40 Ere I Cease To Love Her, My Queen
IT is a May day, cloudless, flawlesss, sunny, breezy. Isle Perdrix lies like an emerald in its sapphire setting, in the dancing waves of Bay Chalette.
It is yet early morning—not quite nine o’clock, but, even at this matutinal hour, the shrill-pitched French Canadian voice of old Ma’am Weesy rises on the sunny air in accents of keen reproach.
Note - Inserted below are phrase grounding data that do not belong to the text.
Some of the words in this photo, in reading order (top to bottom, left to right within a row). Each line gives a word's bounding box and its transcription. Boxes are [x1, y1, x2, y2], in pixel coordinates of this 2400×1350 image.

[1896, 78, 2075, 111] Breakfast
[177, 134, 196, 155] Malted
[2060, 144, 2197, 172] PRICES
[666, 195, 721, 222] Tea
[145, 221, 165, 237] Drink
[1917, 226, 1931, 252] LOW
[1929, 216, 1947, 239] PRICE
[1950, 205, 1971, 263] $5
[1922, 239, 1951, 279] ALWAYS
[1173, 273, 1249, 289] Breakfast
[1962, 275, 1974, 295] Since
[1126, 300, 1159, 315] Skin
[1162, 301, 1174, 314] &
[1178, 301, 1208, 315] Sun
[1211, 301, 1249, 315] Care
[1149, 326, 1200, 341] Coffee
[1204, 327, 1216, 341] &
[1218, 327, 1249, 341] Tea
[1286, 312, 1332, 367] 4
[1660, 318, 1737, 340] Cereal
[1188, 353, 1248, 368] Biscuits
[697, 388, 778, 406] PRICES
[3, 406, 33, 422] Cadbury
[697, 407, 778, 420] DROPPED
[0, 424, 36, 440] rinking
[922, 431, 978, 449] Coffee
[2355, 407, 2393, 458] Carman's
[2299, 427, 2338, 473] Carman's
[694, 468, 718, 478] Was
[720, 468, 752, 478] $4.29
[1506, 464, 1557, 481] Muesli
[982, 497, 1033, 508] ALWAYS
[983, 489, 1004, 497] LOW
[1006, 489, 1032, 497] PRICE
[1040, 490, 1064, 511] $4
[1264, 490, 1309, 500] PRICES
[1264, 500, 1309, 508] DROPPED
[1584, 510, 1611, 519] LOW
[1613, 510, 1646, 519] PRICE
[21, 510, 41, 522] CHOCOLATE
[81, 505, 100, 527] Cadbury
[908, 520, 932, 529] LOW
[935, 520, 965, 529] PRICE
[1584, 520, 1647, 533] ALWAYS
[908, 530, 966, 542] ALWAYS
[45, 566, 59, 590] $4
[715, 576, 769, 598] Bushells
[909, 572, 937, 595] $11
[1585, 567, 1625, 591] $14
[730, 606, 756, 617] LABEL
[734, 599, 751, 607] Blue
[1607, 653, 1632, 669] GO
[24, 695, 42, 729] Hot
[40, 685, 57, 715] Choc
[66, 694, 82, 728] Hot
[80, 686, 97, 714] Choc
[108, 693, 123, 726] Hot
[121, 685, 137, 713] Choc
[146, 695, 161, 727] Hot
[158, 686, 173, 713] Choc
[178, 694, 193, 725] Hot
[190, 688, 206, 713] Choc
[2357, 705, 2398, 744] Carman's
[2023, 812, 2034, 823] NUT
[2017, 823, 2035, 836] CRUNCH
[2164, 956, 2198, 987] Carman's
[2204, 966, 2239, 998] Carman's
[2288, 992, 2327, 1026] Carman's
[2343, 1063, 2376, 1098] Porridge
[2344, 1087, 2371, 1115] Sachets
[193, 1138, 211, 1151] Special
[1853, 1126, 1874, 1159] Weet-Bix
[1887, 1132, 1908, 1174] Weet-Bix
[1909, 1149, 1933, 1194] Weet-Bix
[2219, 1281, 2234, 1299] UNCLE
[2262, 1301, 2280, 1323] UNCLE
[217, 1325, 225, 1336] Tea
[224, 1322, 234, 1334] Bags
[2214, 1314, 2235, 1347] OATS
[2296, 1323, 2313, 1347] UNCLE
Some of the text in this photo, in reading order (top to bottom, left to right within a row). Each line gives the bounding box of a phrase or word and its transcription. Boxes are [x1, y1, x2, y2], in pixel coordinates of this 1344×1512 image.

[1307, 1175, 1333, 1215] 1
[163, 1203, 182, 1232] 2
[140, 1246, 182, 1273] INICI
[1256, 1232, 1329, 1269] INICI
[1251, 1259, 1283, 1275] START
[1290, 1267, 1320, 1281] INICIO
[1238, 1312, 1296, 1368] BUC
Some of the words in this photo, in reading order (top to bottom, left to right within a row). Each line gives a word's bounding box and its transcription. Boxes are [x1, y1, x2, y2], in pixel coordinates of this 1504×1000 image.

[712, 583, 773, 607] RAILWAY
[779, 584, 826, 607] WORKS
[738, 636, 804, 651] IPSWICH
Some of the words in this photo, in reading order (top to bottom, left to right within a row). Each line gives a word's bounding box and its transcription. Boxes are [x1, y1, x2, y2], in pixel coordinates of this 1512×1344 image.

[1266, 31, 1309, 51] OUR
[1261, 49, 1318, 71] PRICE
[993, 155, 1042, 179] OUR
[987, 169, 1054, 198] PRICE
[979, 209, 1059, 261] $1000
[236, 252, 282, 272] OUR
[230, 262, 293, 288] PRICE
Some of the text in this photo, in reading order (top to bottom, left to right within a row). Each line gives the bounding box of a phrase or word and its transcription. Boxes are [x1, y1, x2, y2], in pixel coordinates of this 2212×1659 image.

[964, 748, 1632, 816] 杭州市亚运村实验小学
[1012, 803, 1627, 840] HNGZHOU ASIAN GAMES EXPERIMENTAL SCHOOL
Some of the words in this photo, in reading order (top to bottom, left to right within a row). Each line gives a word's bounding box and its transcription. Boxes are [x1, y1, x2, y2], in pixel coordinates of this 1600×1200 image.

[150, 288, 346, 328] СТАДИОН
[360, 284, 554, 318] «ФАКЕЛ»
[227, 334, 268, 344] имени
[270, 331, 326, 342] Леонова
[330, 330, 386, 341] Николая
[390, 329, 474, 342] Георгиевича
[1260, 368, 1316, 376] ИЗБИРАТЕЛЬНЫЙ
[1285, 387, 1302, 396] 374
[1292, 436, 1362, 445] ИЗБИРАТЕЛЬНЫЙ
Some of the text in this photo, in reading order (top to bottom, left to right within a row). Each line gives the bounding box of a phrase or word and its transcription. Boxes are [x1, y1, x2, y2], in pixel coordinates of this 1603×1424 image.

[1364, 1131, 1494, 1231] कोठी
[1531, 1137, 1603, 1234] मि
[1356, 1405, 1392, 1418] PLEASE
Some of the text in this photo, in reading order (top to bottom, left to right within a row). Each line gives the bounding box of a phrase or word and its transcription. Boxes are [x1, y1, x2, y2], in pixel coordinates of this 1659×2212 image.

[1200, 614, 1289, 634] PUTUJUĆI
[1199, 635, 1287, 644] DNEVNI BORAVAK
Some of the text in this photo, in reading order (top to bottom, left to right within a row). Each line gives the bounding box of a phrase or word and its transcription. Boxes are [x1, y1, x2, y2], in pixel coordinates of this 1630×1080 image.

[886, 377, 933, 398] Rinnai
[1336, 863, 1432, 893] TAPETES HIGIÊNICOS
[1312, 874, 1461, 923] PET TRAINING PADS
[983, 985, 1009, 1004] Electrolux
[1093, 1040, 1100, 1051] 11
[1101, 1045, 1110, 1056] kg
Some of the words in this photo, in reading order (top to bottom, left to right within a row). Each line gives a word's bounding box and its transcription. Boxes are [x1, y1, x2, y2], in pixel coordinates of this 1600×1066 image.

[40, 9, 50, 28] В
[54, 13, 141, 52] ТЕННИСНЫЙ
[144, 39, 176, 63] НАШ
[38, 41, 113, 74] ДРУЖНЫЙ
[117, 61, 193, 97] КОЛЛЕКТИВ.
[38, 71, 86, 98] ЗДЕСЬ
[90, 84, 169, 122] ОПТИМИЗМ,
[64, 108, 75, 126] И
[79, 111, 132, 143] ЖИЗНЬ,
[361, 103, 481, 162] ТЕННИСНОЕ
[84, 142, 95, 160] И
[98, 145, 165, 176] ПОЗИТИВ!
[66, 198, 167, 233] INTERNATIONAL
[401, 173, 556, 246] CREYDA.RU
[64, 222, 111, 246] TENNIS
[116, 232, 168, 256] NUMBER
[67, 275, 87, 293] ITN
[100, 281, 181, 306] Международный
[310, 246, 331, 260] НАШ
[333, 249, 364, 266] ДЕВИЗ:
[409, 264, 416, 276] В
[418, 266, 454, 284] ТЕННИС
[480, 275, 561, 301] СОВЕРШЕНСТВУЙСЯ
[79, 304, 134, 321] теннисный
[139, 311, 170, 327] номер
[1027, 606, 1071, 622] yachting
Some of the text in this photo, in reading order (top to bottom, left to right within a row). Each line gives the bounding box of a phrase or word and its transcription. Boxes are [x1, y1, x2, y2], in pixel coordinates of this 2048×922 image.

The yellow-painted kitchen is one flood of eastern sunshine; the rows of burnished tin and copper make the beholder wink again; two huge family cats bask in front of the polished cooking-stove; pots of geraniums and pink roses on the window-sills scent the air; a fragrance as of tea and toast is in the atmosphere.
Unsoftened by all these mellowing influences, Ma’am Weesy stands, with hands on hips, and pours forth a torrent of reproach in mingled French and English. Jemima Ann stands near, and listens and laughs. The culprit, out in the hop-wreathed porch, tries—also in foreign accents—to make himself heard.
“Sure, thin, ’twasn’t my fault—that I may nivir av it was, ould Wasy! It was all the doin’ an’ the divilment av Masther Johnny. Ax himself, av ye don’t b’lave me. There he is now, foreninst ye, an’ divil another word av ye’re abuse I’ll take this blissid day, av ye wor twice the ould catamoran ye are!”
With which Tim stamps away indignantly, and another manly form takes his place.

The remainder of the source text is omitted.